[[ MATERIAL SHOWN, beginning ]]
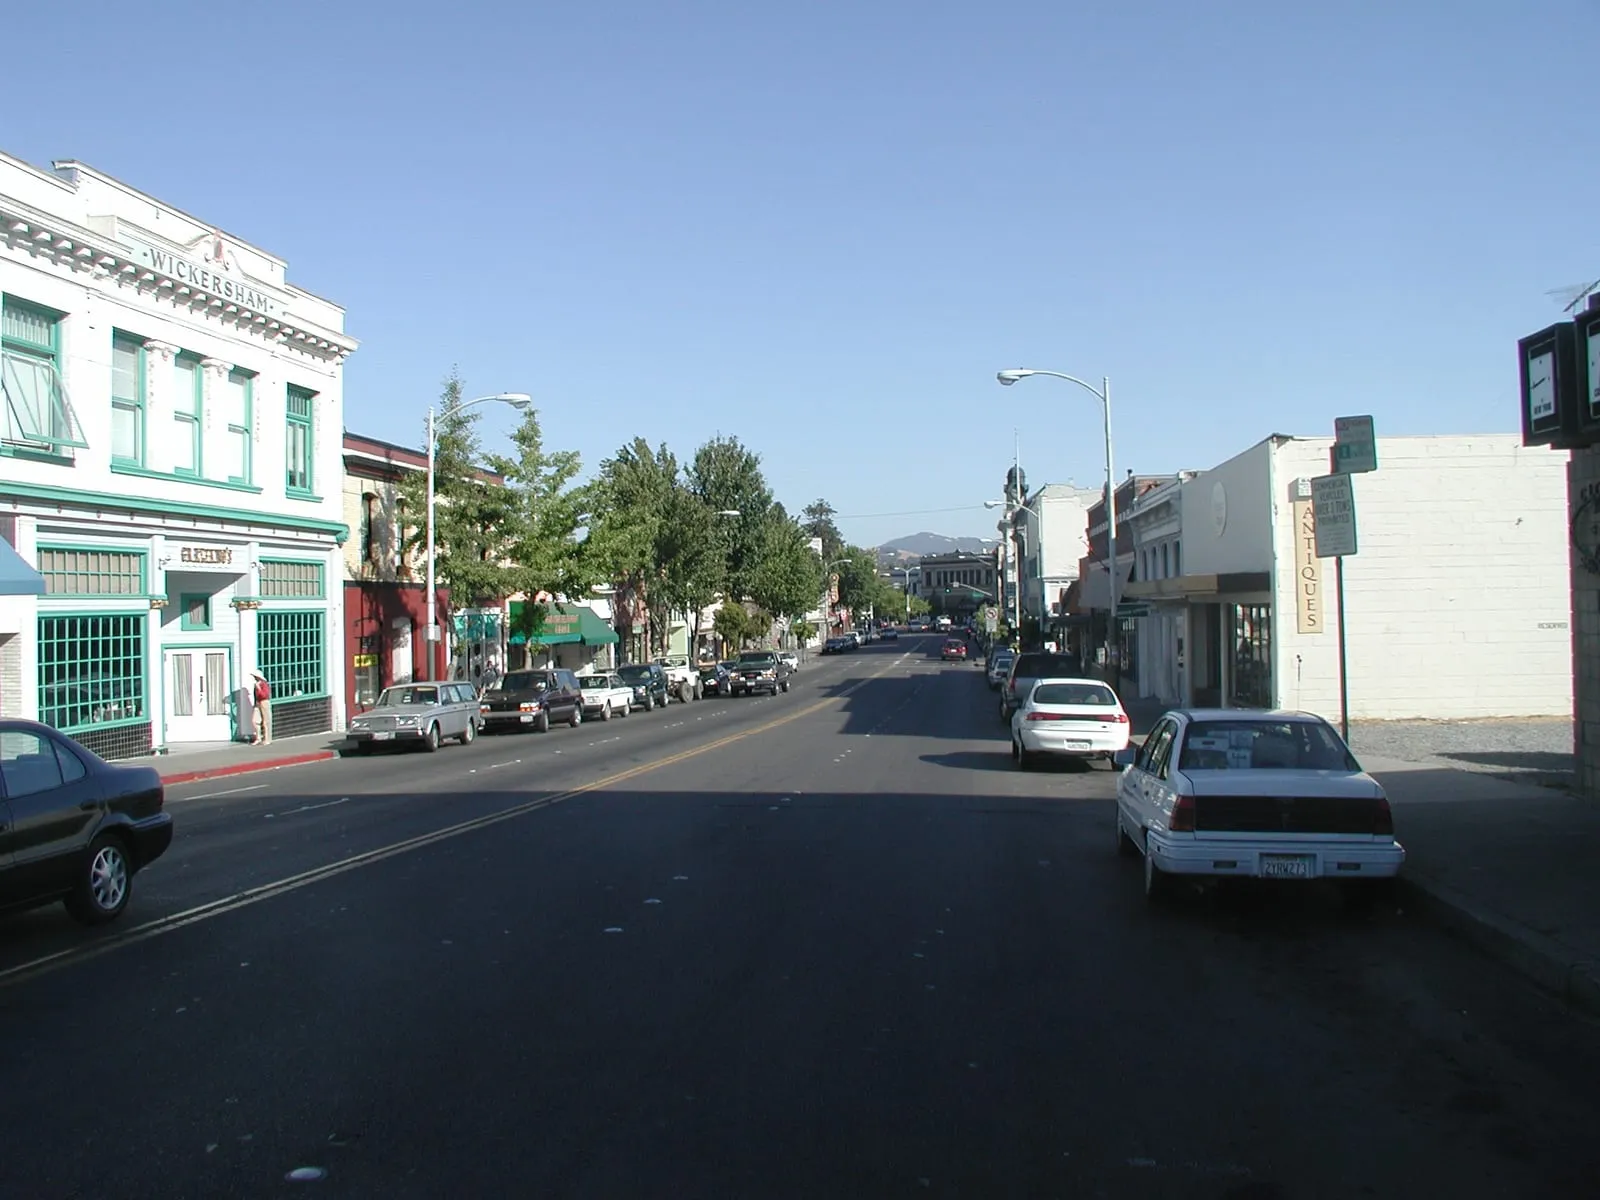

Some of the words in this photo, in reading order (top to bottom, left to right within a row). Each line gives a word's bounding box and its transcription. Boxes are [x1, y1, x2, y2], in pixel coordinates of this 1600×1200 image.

[150, 248, 268, 313] WICKERSHAM
[1319, 489, 1345, 502] VEHICLES
[1336, 498, 1351, 513] TONS
[1301, 506, 1318, 627] ANTIQUES
[1265, 861, 1307, 876] 2YRW273
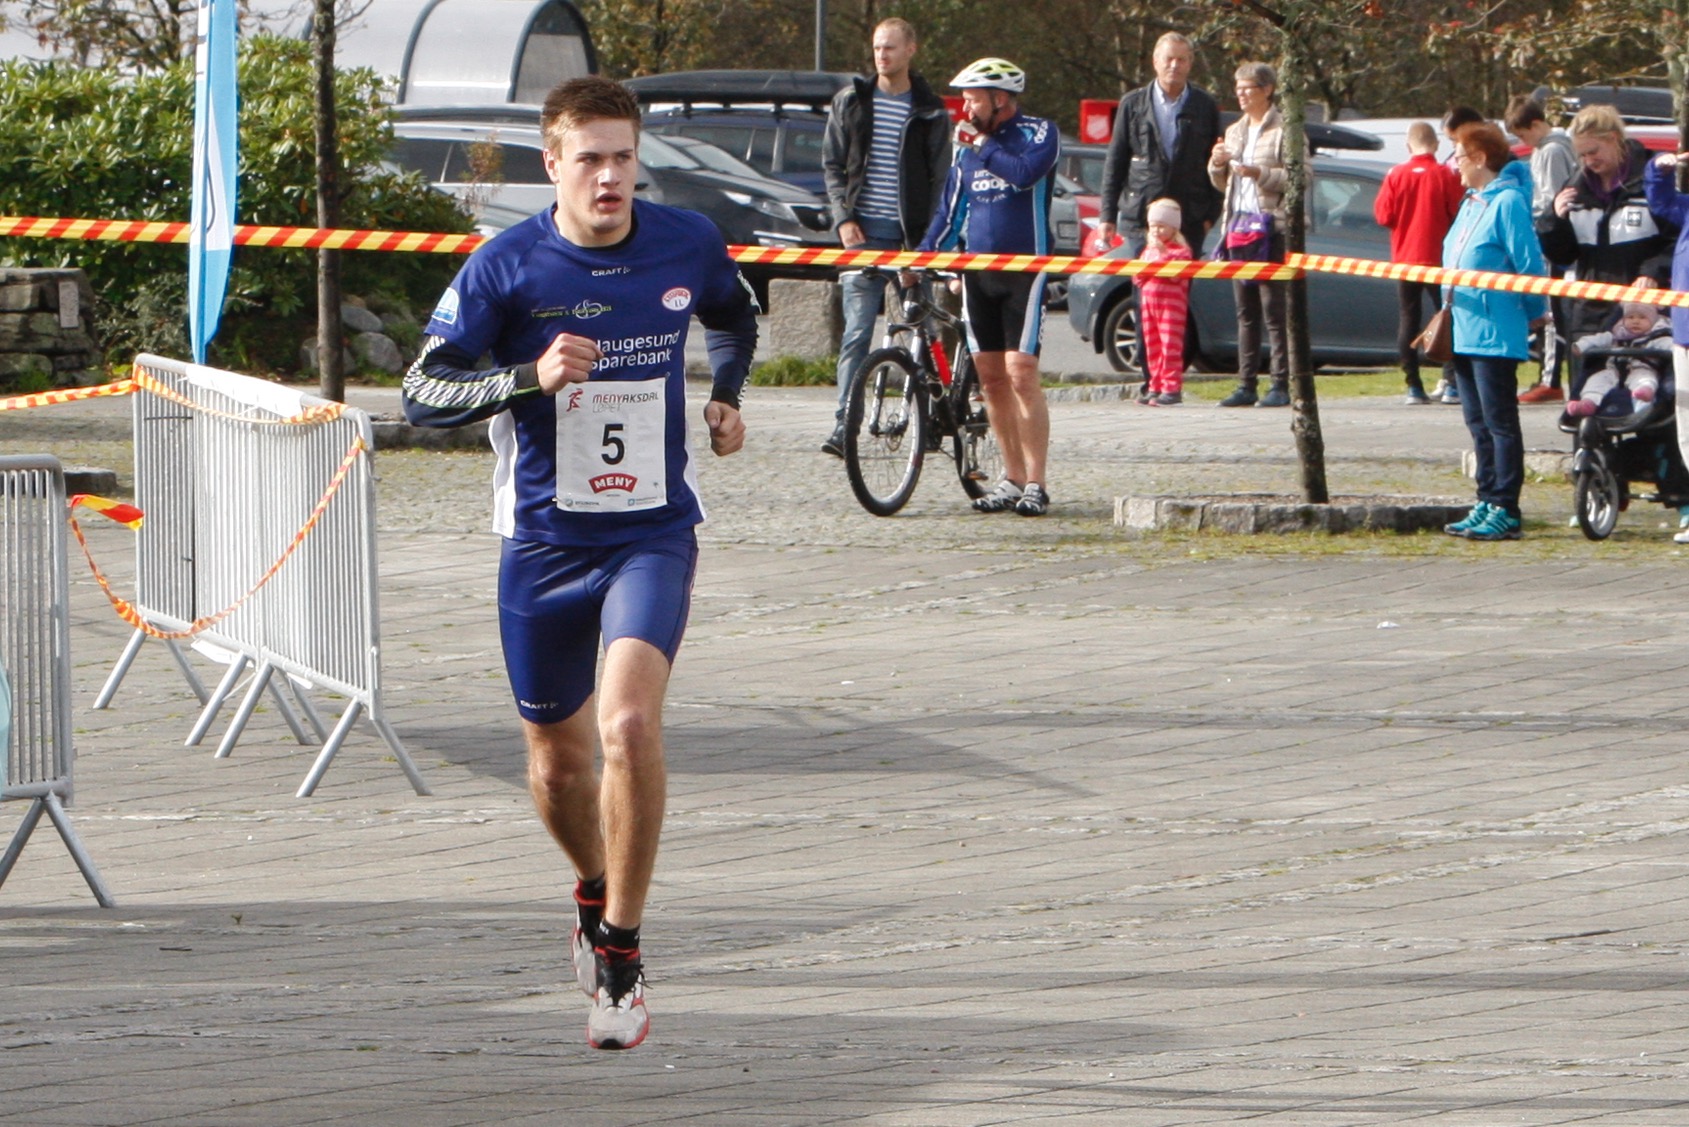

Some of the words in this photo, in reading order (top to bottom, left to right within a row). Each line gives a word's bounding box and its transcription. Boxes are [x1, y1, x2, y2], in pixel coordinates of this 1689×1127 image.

[592, 268, 622, 277] CRAFT
[601, 423, 625, 465] 5
[594, 476, 633, 489] MENY
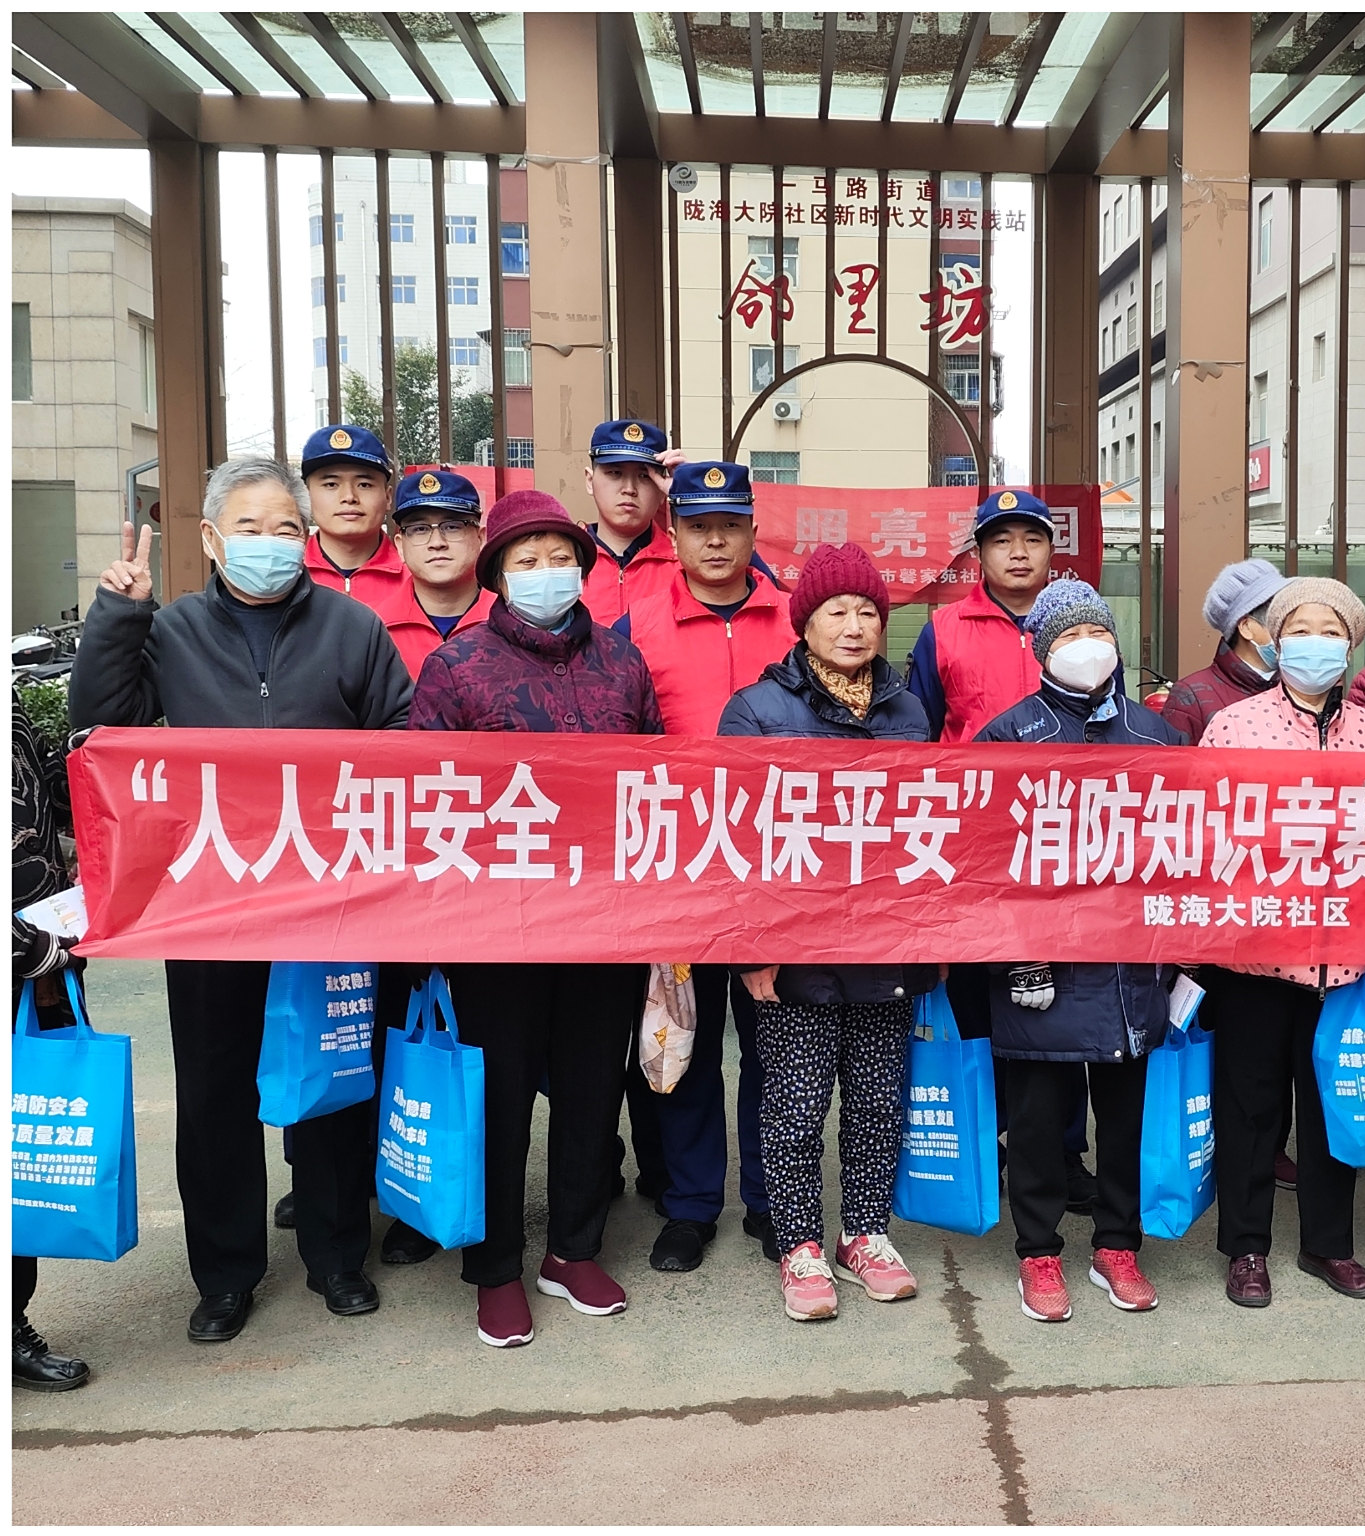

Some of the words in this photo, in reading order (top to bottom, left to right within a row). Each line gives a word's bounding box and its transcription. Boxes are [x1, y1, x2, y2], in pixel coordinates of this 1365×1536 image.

[780, 176, 935, 202] 一马路街道
[684, 199, 1027, 232] 陇海大院社区新时代文明实践站
[1143, 895, 1350, 929] 陇海大院社区
[12, 1093, 89, 1117] 消防安全
[12, 1123, 95, 1148] 质量发展
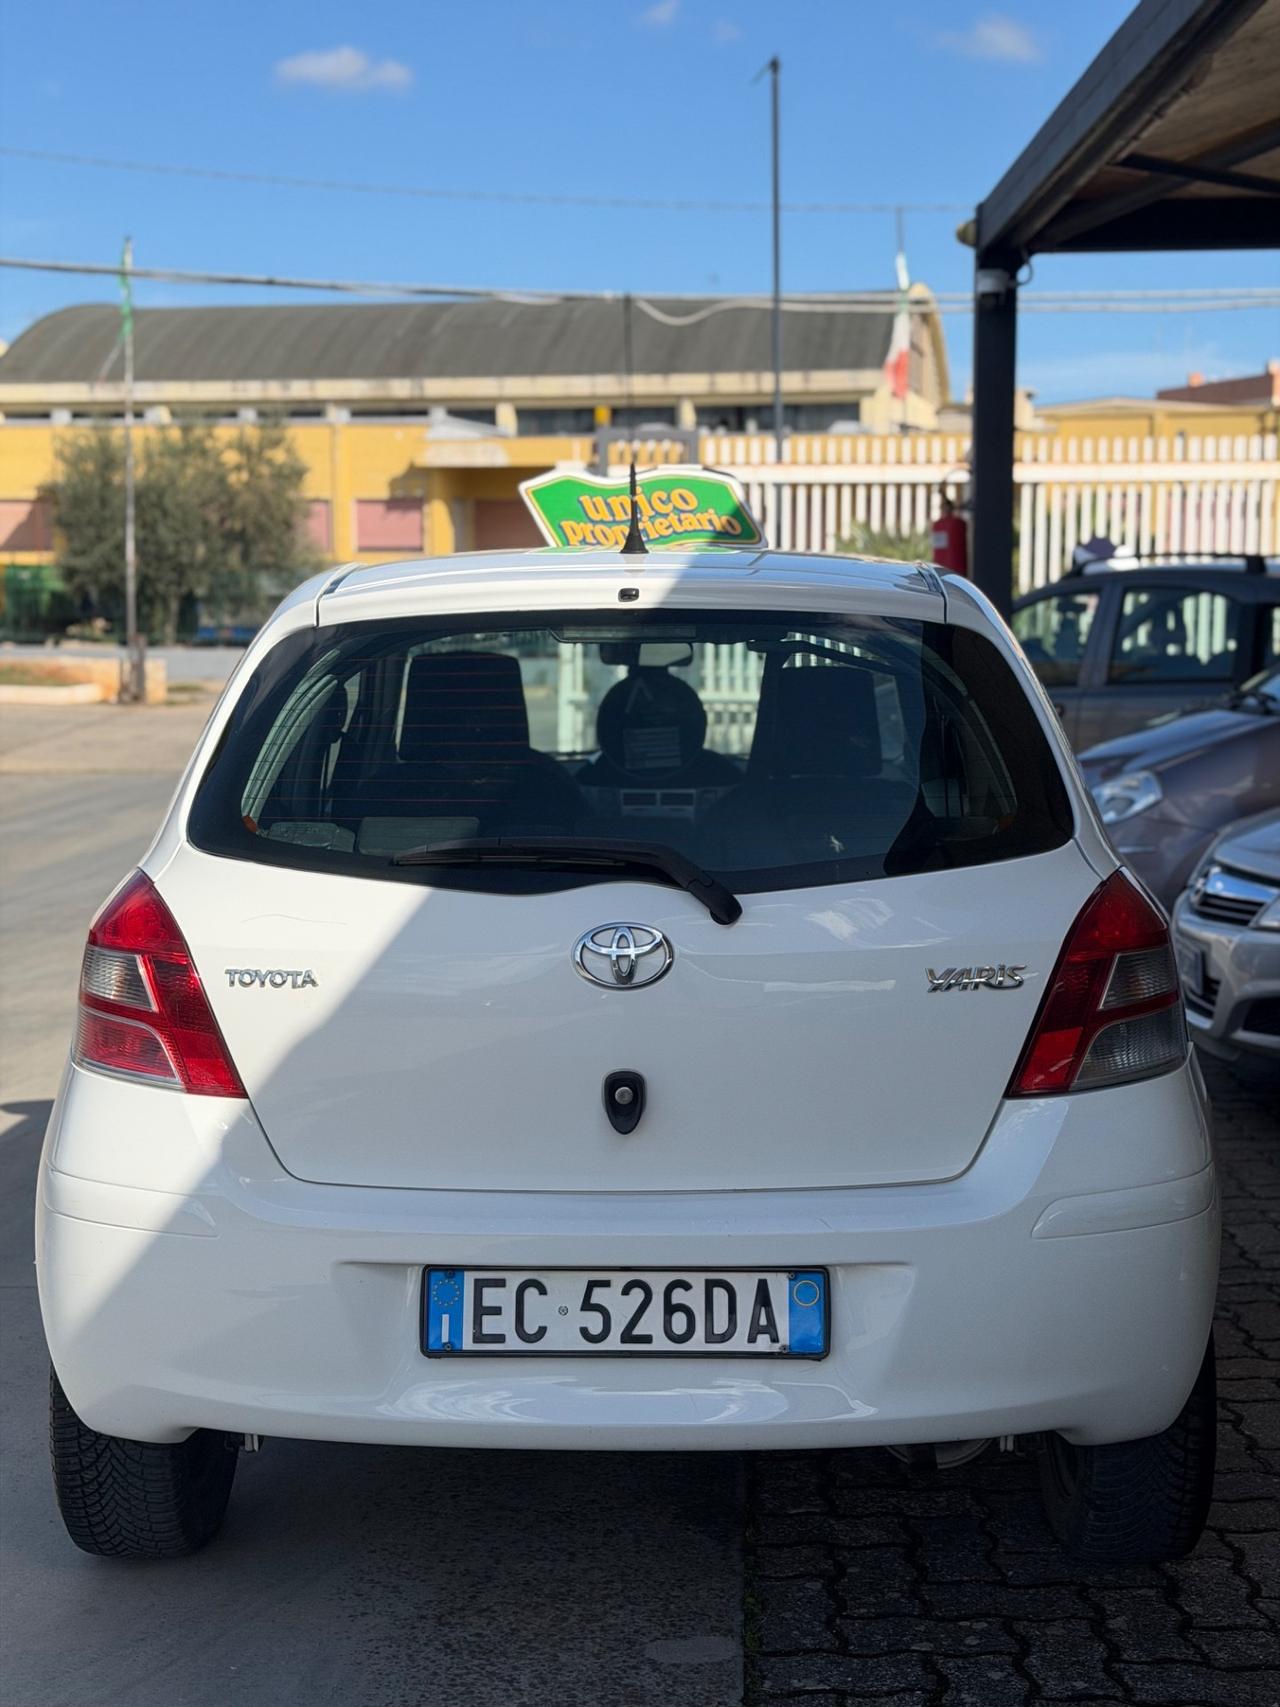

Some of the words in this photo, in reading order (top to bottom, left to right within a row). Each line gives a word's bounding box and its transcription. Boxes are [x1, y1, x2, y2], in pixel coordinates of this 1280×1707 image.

[224, 969, 319, 989] TOYOTA
[472, 1278, 548, 1344] EC
[579, 1278, 780, 1344] 526DA
[[ MATERIAL SHOWN, end ]]
## TO DO
Omit the pictures, and please restate word for word the lines running from the line with "this 1689×1127 image." to the end of the entries.

## YOUR SOLUTION
Some of the words in this photo, in reading order (top to bottom, left to right within a row). Each line gives a word's bounding box and its transcription. Boxes are [x1, y1, x2, y2], in pixel coordinates of this 1689×1127 image.

[592, 268, 622, 277] CRAFT
[601, 423, 625, 465] 5
[594, 476, 633, 489] MENY

Some of the words in this photo, in reading order (top to bottom, left to right within a row). Each line gives a word's bounding box and its transcription. Boxes are [x1, y1, x2, y2], in pixel coordinates of this 1365×1536 image.

[780, 176, 935, 202] 一马路街道
[684, 199, 1027, 232] 陇海大院社区新时代文明实践站
[1143, 895, 1350, 929] 陇海大院社区
[12, 1093, 89, 1117] 消防安全
[12, 1123, 95, 1148] 质量发展

Some of the words in this photo, in reading order (top to bottom, left to right within a row). Each line gives a word's bounding box and its transcription. Boxes are [x1, y1, x2, y2], in pixel coordinates of this 1280×1707 image.

[224, 969, 319, 989] TOYOTA
[472, 1278, 548, 1344] EC
[579, 1278, 780, 1344] 526DA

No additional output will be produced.